After we got back from New Zealand, we caught up with some friends of our who had already decided to step away from church. If I was to go back to my believing Mormon brain, I would have said they yoyo’ed in their activity and faith. I now see that they were just making realtime decisions based on their situation at he the time. There was at first a surprise reaction, because I guess we came across as the types of members that were “strong” in the gospel, and to flip around to not believing in it that much to the point where we would stop attending really surprised them.
As we continued to talk about it, we agreed on a few things that we found problematic. What is interesting is that these issues existed but in a shelf capacity, meaning we did not give them space in our mind, so we put them over on our “We don’t know the answers to these questions yet” shelf. Most if not all Mormons know about this shelf concept as taught by Spencer Kimball’s wife.
Here were two points we discussed:
- There seems to be this emotional hold through the use of guilt and shame that is used in church through lessons, bishop interviews, and general attitudes by some members, usually with regards to concepts of exact obedience.
- The church doctrine promotes that they hold the monopoly of truth over others that the LDS church is the only place that has all truth, to at least the most truth. Others have truth, but only here is all or most of the truth found because of the Restoration, a teaching where God restored his authority on the Earth never again to be removed.

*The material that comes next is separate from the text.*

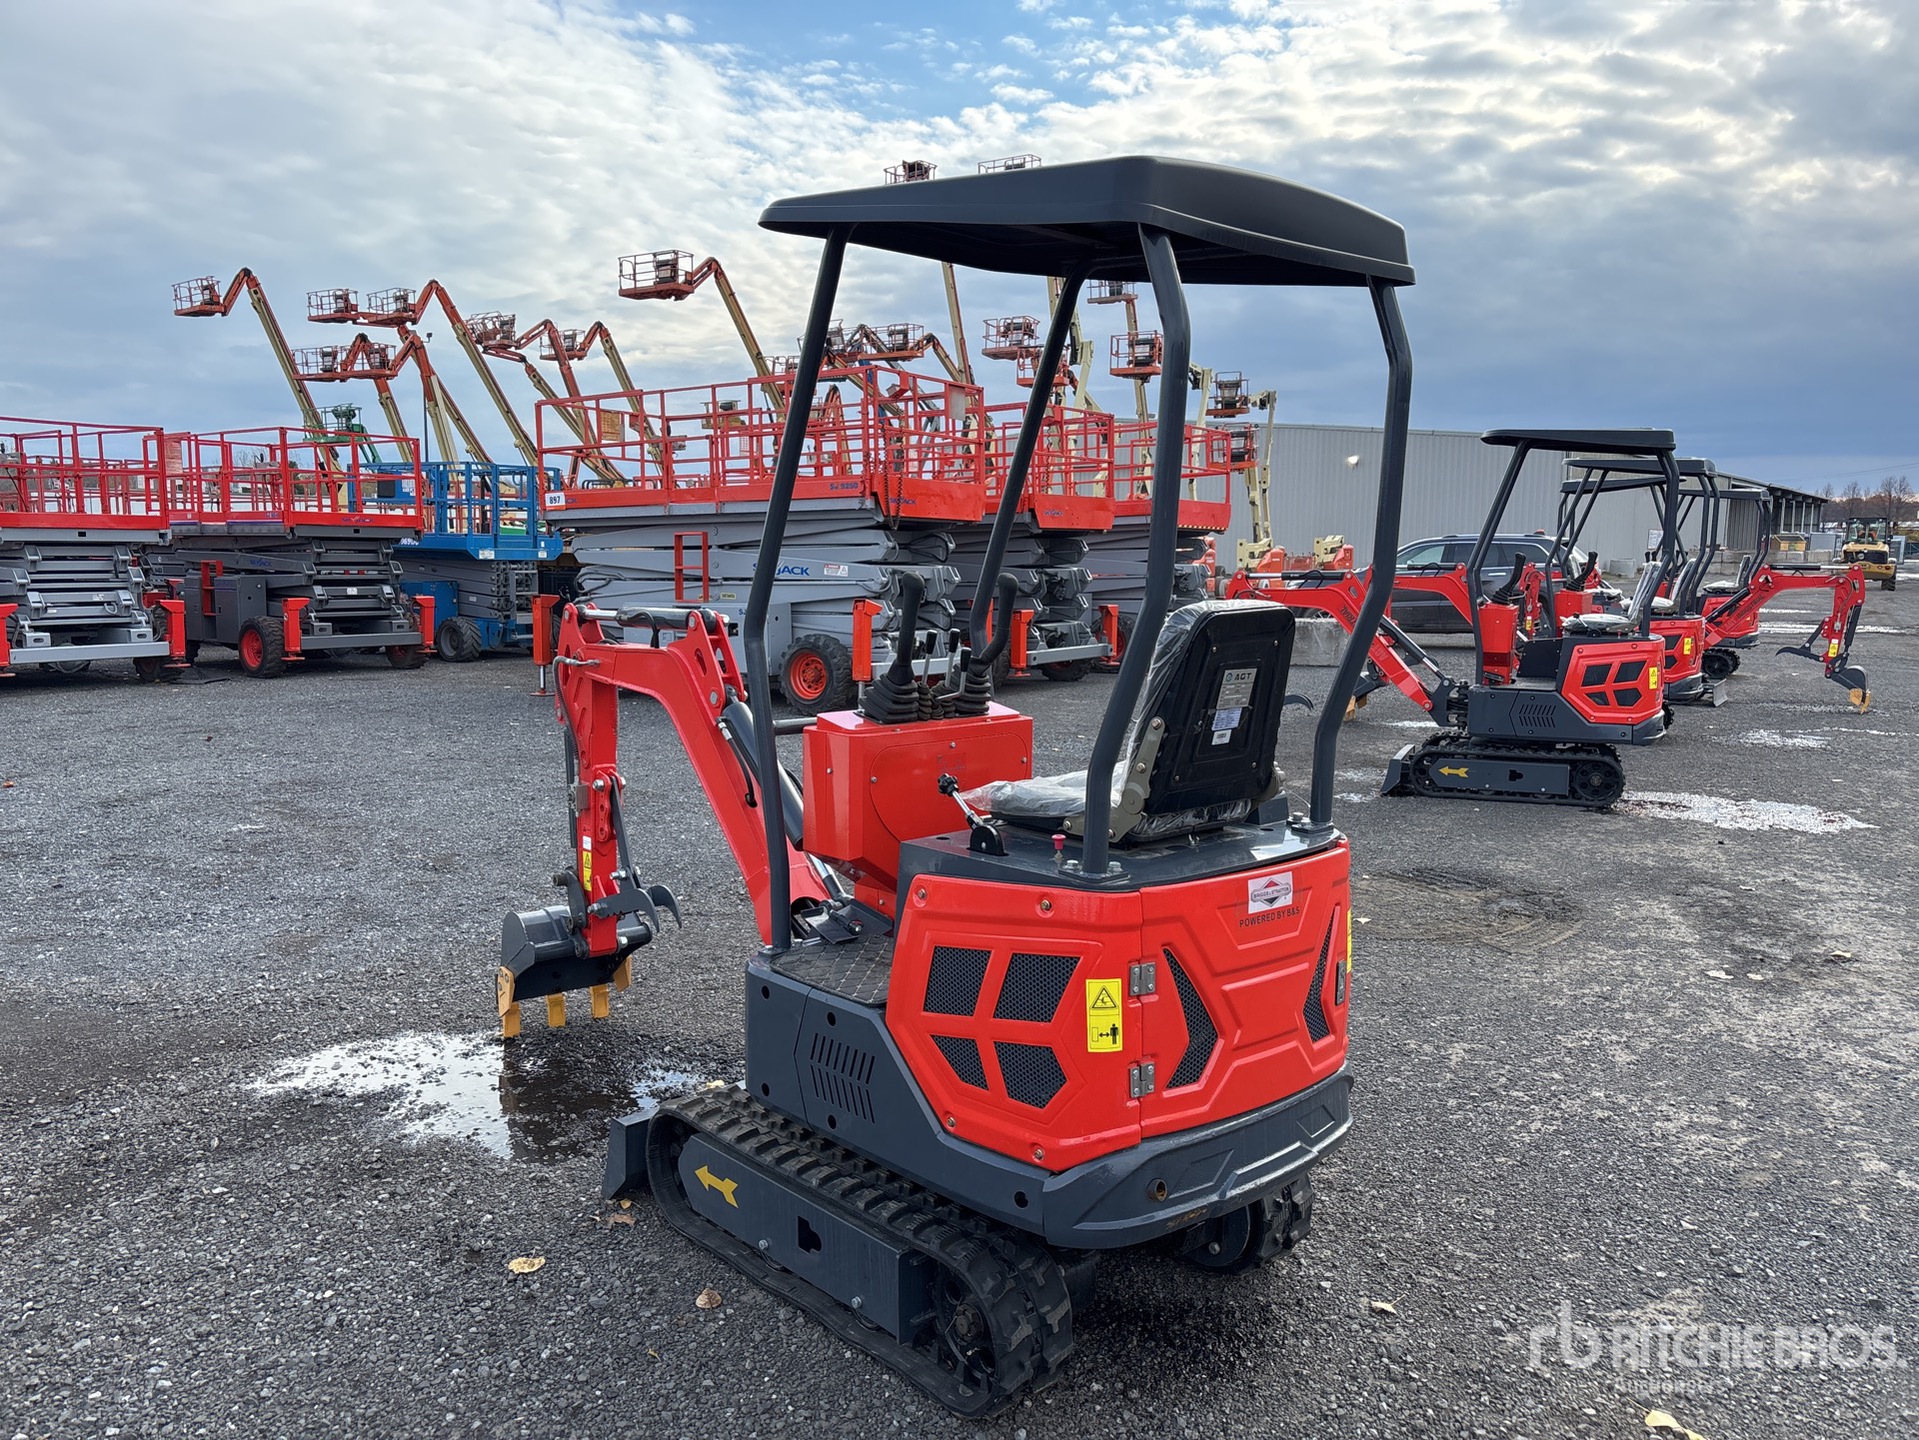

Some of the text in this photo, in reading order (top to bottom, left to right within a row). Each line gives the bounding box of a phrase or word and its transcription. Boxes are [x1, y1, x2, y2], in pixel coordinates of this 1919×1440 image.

[550, 496, 561, 504] 897
[1234, 672, 1252, 681] AGT
[1239, 906, 1300, 928] POWERED BY B&S
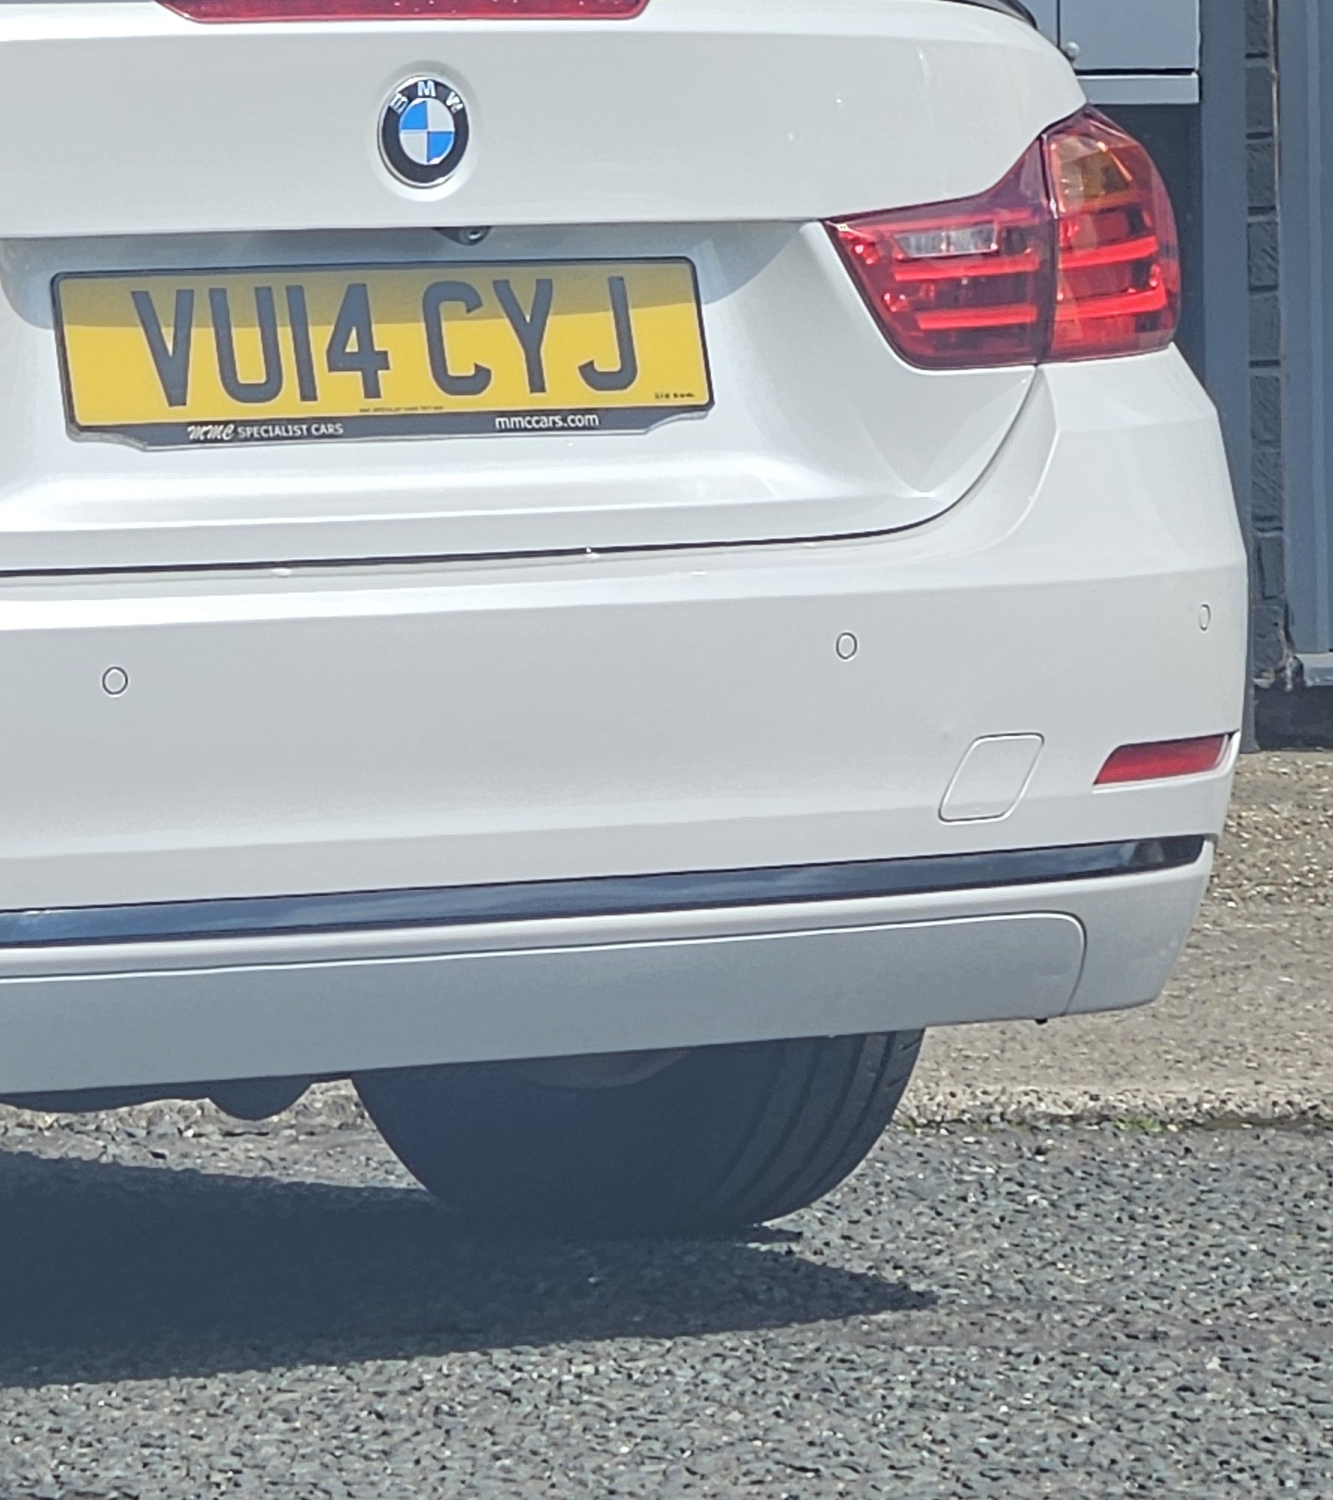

We felt validated in our feelings as to why we started to question the church and its teachings, which I will later learn is extremely hard to come by. Unless people were in the same situation as us, being in the stage of leaving or questioning, those still believing or those who have never been Mormon just don’t quite seem to understand the nuance and thus are unable to validate what it feels like. But more on that later. It felt good to tell someone else who was going though or who had been through something similar.